Tip 1: Move. Any motion is better than no motion at all. Your job might demand you spend a lot of time in a chair. You can’t always change that, but there’s nothing stopping you from doing your best to work within those constraints.
Tip 2: Set a timer. Most modern phones come with a built-in timer, but you can always just keep an eye on the clock if you’re not keen on the sound of an alarm. You’ll be at your most productive state for 50 minutes intervals. When time is up, stand up, take a stroll, move and then return to your work.
Tip 3: Incorporate bodyweight exercises. Saving your exercise solely for the gym misses a simple point: several small sets of bodyweight exercises—knee or wall pushups and air squats as an example—throughout the day can be just as beneficial as thirty dedicated minutes on the treadmill, especially if those sets are timed to interrupt hours otherwise spent barely moving at all. You don’t need more than five minutes to get the blood flowing before you’re forced to move back to your seat.
Tip 4: Keep walking. You’ve heard the usual tricks: take the stairs where possible, park out as far as possible, and so forth. That’s solid advice, to be sure, but there’s no reason to stop there. When your timer goes off, pace around your office for five minutes. At the end of your lunch break, don’t sneak back to spend some time on Facebook — take a walk around your office instead, or head outside to soak up the sun while you circle the block.

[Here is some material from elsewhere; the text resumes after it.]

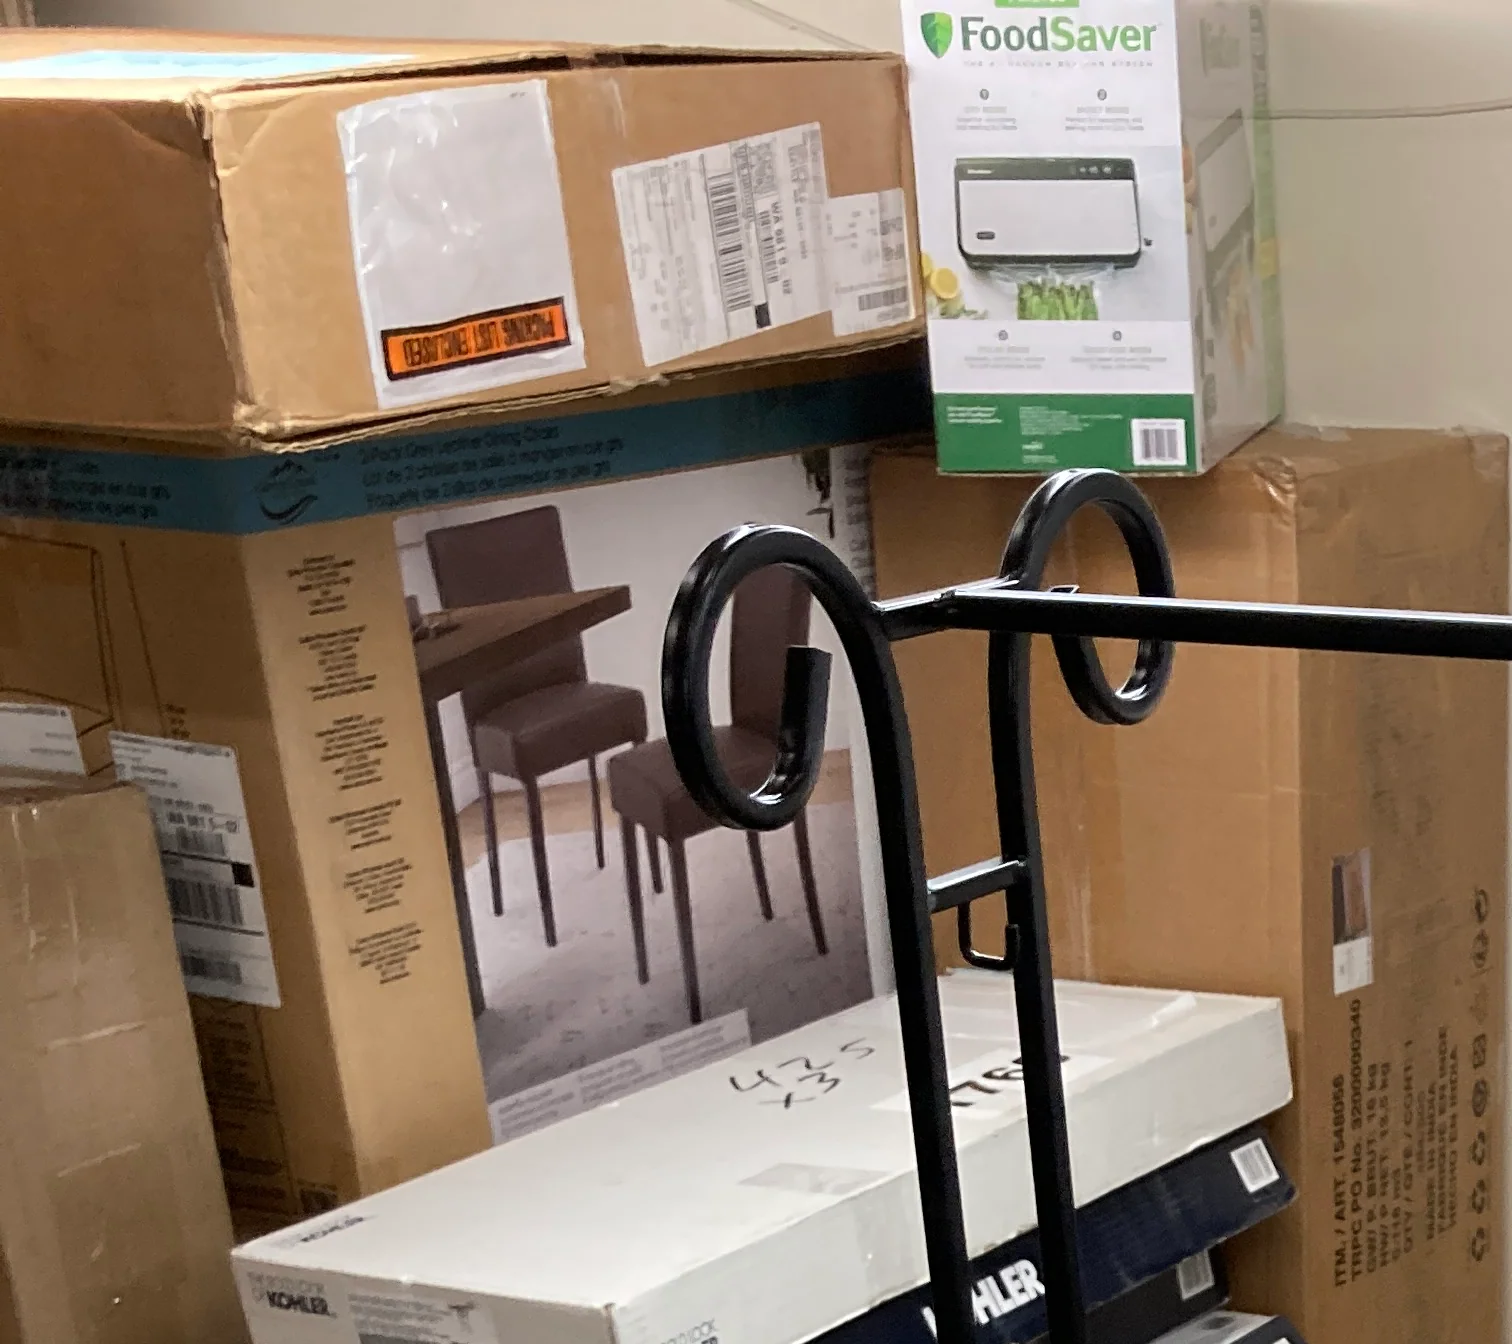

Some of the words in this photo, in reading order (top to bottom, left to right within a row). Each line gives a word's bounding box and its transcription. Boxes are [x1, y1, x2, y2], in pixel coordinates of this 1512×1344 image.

When you take a phone call, don’t lean back in your chair to accept it. Pop up and move around for the duration of the call instead. In the case of long calls, this can easily—and effortlessly—add minutes of walking into your daily routine, minutes you otherwise might spend with your jaw flapping and both legs stuck motionless to the floor.
Tip 5: Take a stand. This is revolutionary thinking, so brace yourself: standing is not sitting. It’s so far-removed in how it tasks the body, in fact, that you could call it a kind of exercise in itself. Standing desks, unfortunately, haven’t hit the mainstream. If you’re stuck with a regular desk, however, you can still see the benefits of taking a stand. It might seem like an obvious trick, but try this: when given the choice of sitting or standing, choose standing first. When you’re visiting someone’s office, stand for a decent-sized chunk of the conversation. When you’re enjoying your lunch break, don’t be afraid to stand while you eat or prepare your meal. If you find yourself closing the door to your office for a good think, why not do it up on your feet?
When you get home from work, too, don’t immediately drop down on the couch. Stand in the kitchen while you cook, stay upright while you talk with family, and just try and delay that familiar combo of TV and couch for as long as your legs allow. A sudden increase in your standing time won’t come too easily at first, but stick with it and you’ll see your endurance rise within the span of a week.
The tips above might not replace dedicated exercise, to be fair, but I think they can do one better: supplement your existing routine, or even put you on the path towards implementing one in the first place.
Remember that exercise doesn’t have to be difficult. It doesn’t demand three hours in the gym or long, sleepless nights on the treadmill, but it does ask you, now, to take an interest in your well-being, and to take small, steady steps toward improving your health.